This essay examines the unfinished as both a diagnostic and a tactic for how we engage with the terrain of international criminal law (ICL). The diagnostic: recognizing that justice struggles against a five-hundred-year racial-capitalist world order are unfinished and ongoing. The tactic: seeking opportunities for strategically interrupting ICL procedures to keep the ends of justice an open question. In articulating this notion of the unfinished, this essay analyzes the implications of this diagnostic for challenging and troubling how justice is defined and delimited within the terms of ICL, while also exploring the strategy and tactics of “unfinishing” in reframing the ends of ICL.
The Berlin Holocaust memorial site was a gaping hole in the ground for many years, a hollowed-out stage of unfinished memorialization. Debates about what form the memorial should take began from the moment the memorial was first mooted in the 1980s; in time the competition for proposals unfolded, alternative designs submitted, budgets calculated, a jury established, and winning designs chosen. Yet, after all that, the entire process was cancelled.
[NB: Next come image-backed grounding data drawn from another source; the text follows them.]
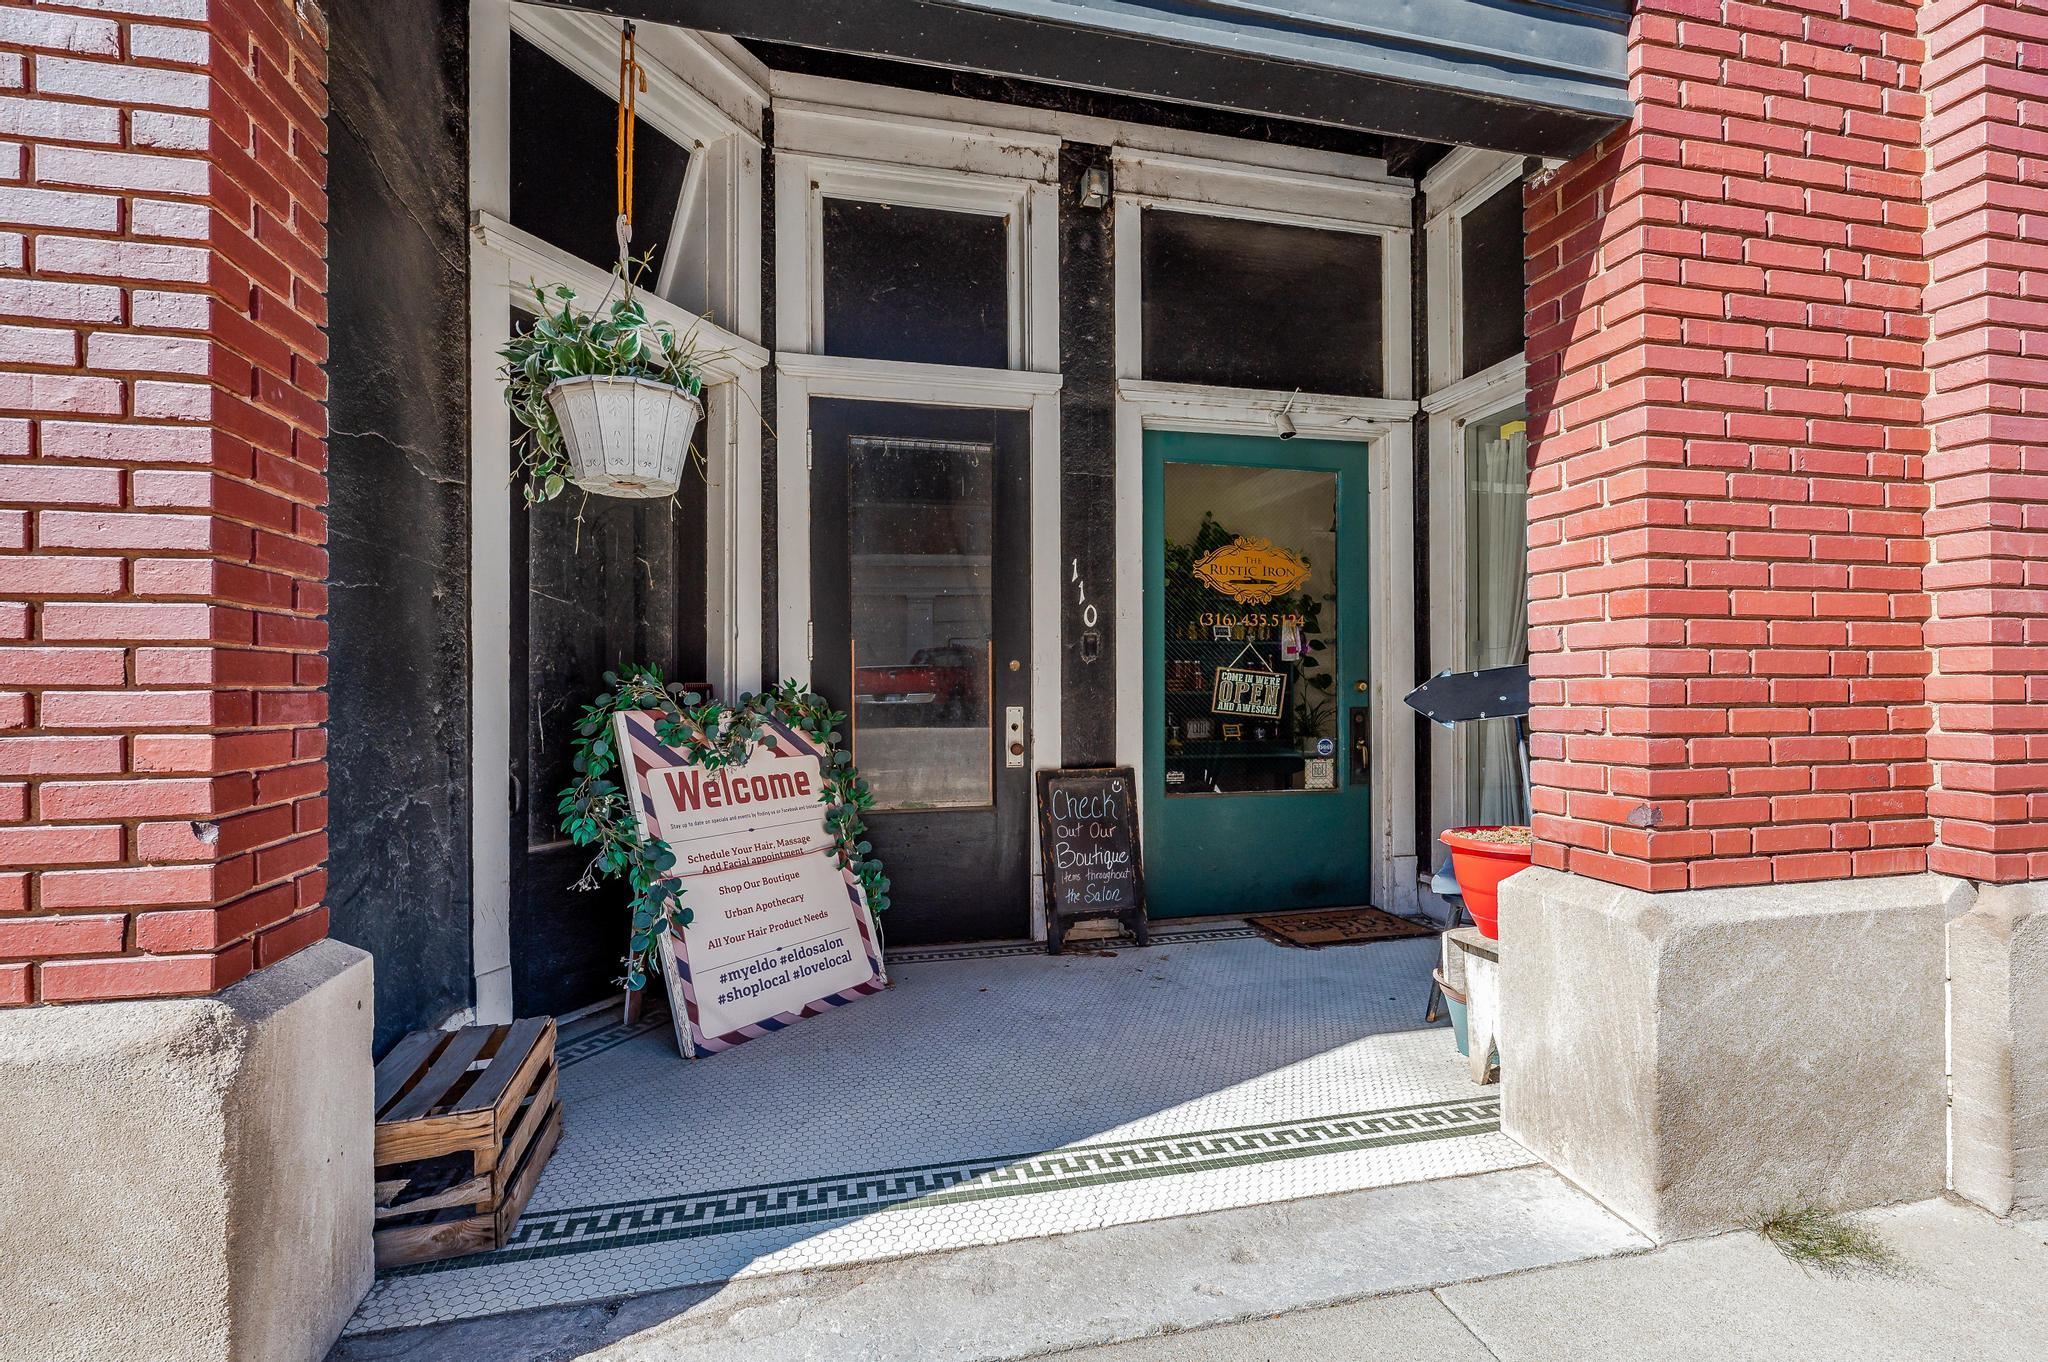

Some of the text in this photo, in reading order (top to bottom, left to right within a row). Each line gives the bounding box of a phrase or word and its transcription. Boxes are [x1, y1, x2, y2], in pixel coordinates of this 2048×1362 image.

[1210, 564, 1296, 577] RUSTIC IRON
[1200, 612, 1305, 628] (316) 435.5124
[1221, 672, 1243, 682] COME
[1245, 674, 1254, 683] IN
[1218, 680, 1280, 706] OPEN
[1217, 702, 1277, 715] AND AWESOME
[664, 768, 811, 812] Welcome
[1052, 789, 1118, 821] Check
[1056, 822, 1117, 838] Out Our
[687, 850, 731, 864] Schedule
[731, 846, 753, 856] Your
[776, 835, 811, 848] Massage
[702, 848, 805, 874] And Facial appointment
[1056, 842, 1129, 869] Boutique
[718, 871, 800, 896] Shop Our Boutique
[1087, 868, 1130, 883] throughout
[724, 893, 804, 919] Urban Apothecary
[1065, 883, 1122, 903] the Salon
[708, 910, 829, 950] All Your Hair Product Needs
[719, 937, 844, 984] #myeldo #eldosalon
[718, 950, 852, 1005] #shoplocal #lovelocal
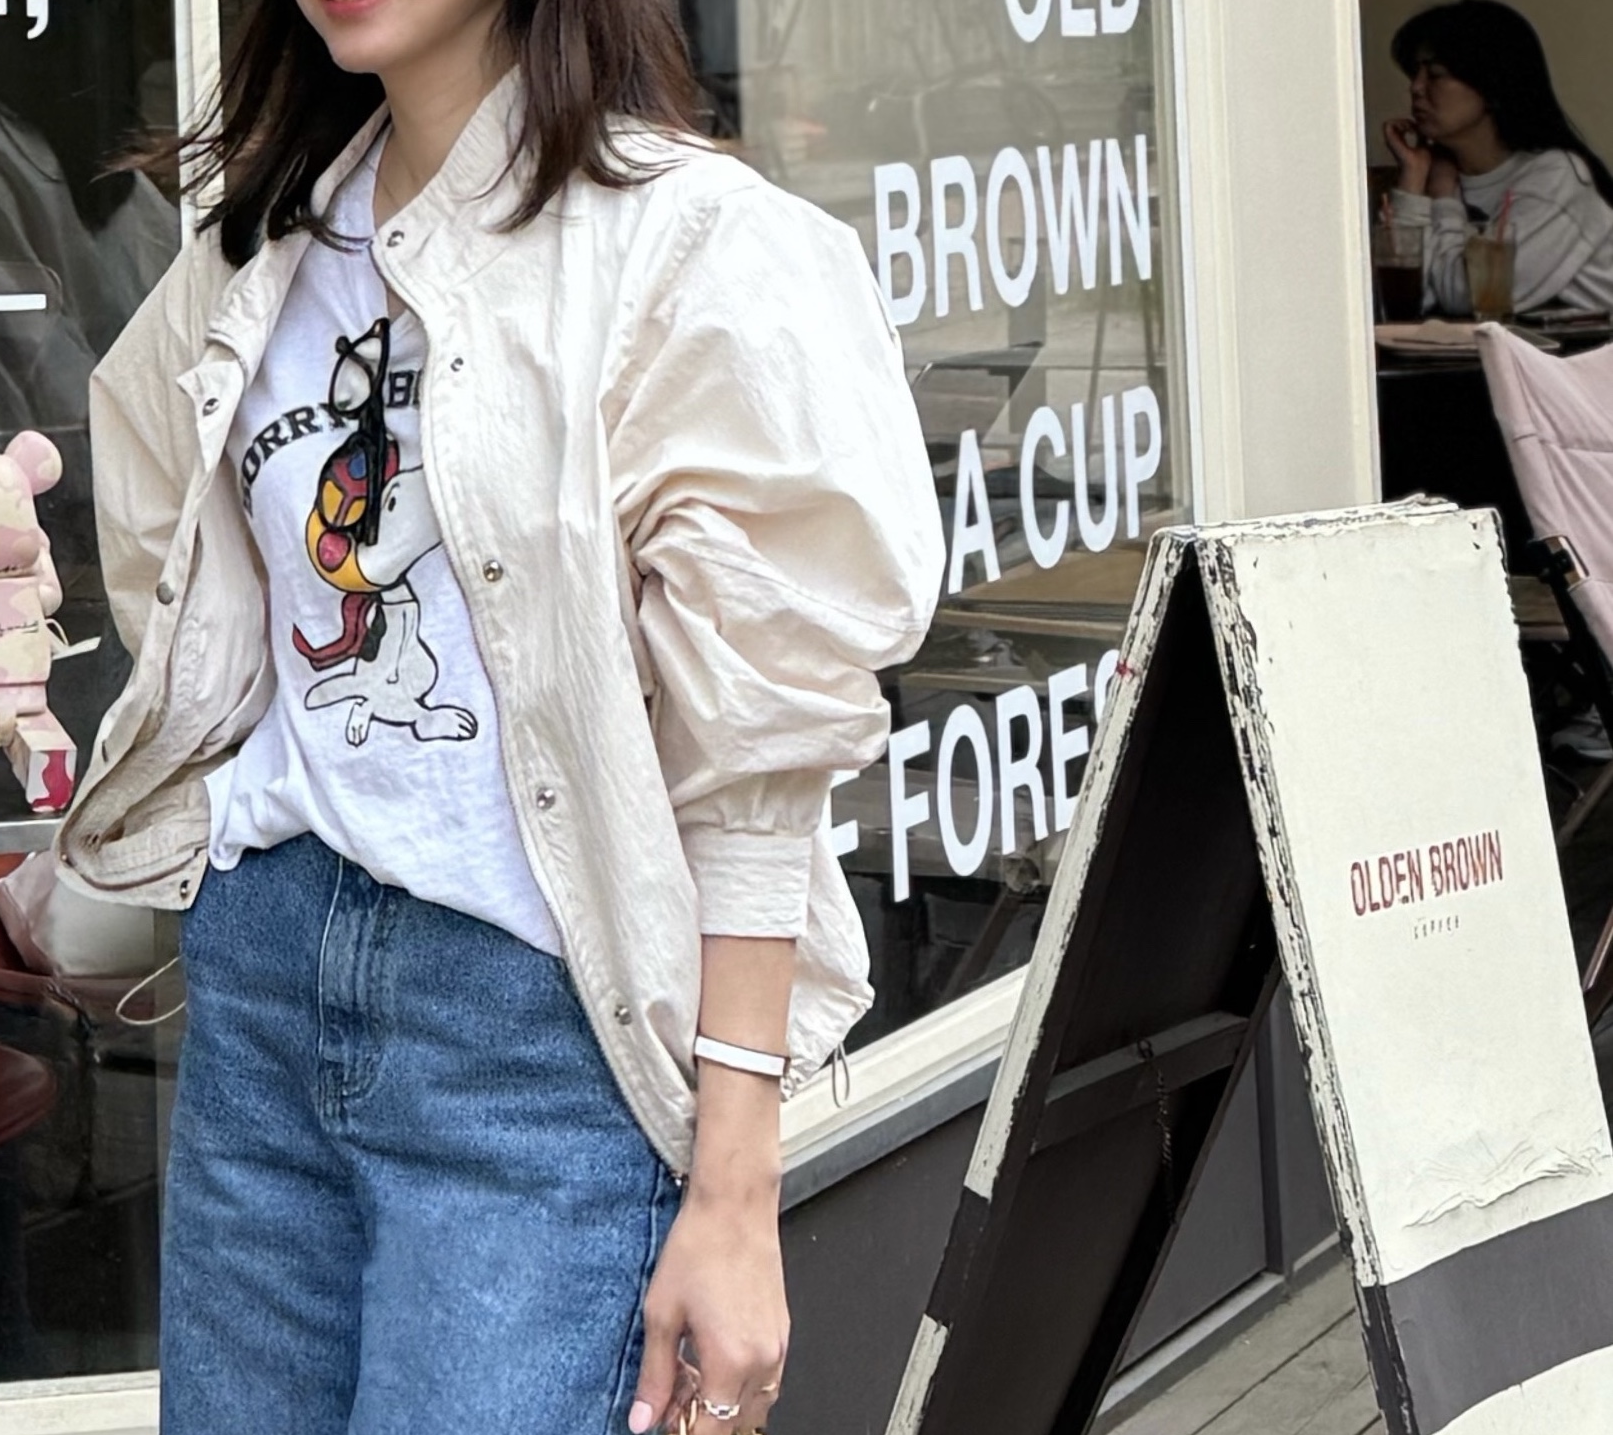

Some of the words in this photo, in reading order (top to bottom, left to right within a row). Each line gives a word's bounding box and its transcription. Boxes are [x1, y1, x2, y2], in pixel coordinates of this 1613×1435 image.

A new competition was announced, new financing raised, new artists submitted proposals, and the process unfolded yet again with extensive public debate.Footnote 1 A design was not selected until 1999, and the site eventually opened in May 2005.Footnote 2 Many were frustrated by these iterative interruptions and the fraught community dialogue about how the memorial should articulate loss. However, others found that these unexpected interruptions and the prolonged condition of “unfinishedness” opened a space for generative engagement with the responsibilities and challenges of memory and mourning, accountability and resistance. The artist Horst Hoheisel sought to enact this insight in his proposal: dynamiting the Brandenburg Gate and spreading the debris at the site for the memorial; that wreckage would be the foundation for a granite floor that would blend into the pavements of Berlin.Footnote 3 Hoheisel's vision sought to break open the memorial form and hold the space of unfinishedness to critically reflect on all that had been monumentalized in the past and what we want to remember in the future. As James Young notes, while such a project would never be sanctioned by the German government, the impossibility of actually “winning” the memorial competition was part of the point. In Young's account, Hoheisel's proposal for the memorial to remain unfinished suggests that officially sanctioned memory is an obstacle to truly grappling with the Holocaust: “[I]t may be the finished monument that completes memory itself, puts a cap on memory work, and draws a bottom line underneath an era that must always haunt Germany. Better a thousand years of Holocaust memorial competitions in Germany than any single ‘final solution’ to Germany's memorial problem.”Footnote 4
A memorial is not a court case, but the “perpetual irresolution”Footnote 5 characterizing the unbuilt memorial offers insight into the value of the unfinished in legal contexts as well. Against ICL's promise of closure and certitude as the measure of justice,Footnote 6 an appreciation of the unfinished can open alternative ways of engaging with the terrain of ICL. These alternative paths situate ICL in the unfinished struggles against racial capitalism and the historical debris that is the foundation for the ground on which we struggle for justice today. Recognizing the structural conditions constituting ICL and its received ends has implications for both our understanding of the quotidian procedural conceits and micro-histories of ICL trials and our understanding of the field at a macro-level. How might we engage with criminal trials if we approach their trajectory as unfinished, such that each stage is open to analysis and detours in ways that unsettle the move to closure?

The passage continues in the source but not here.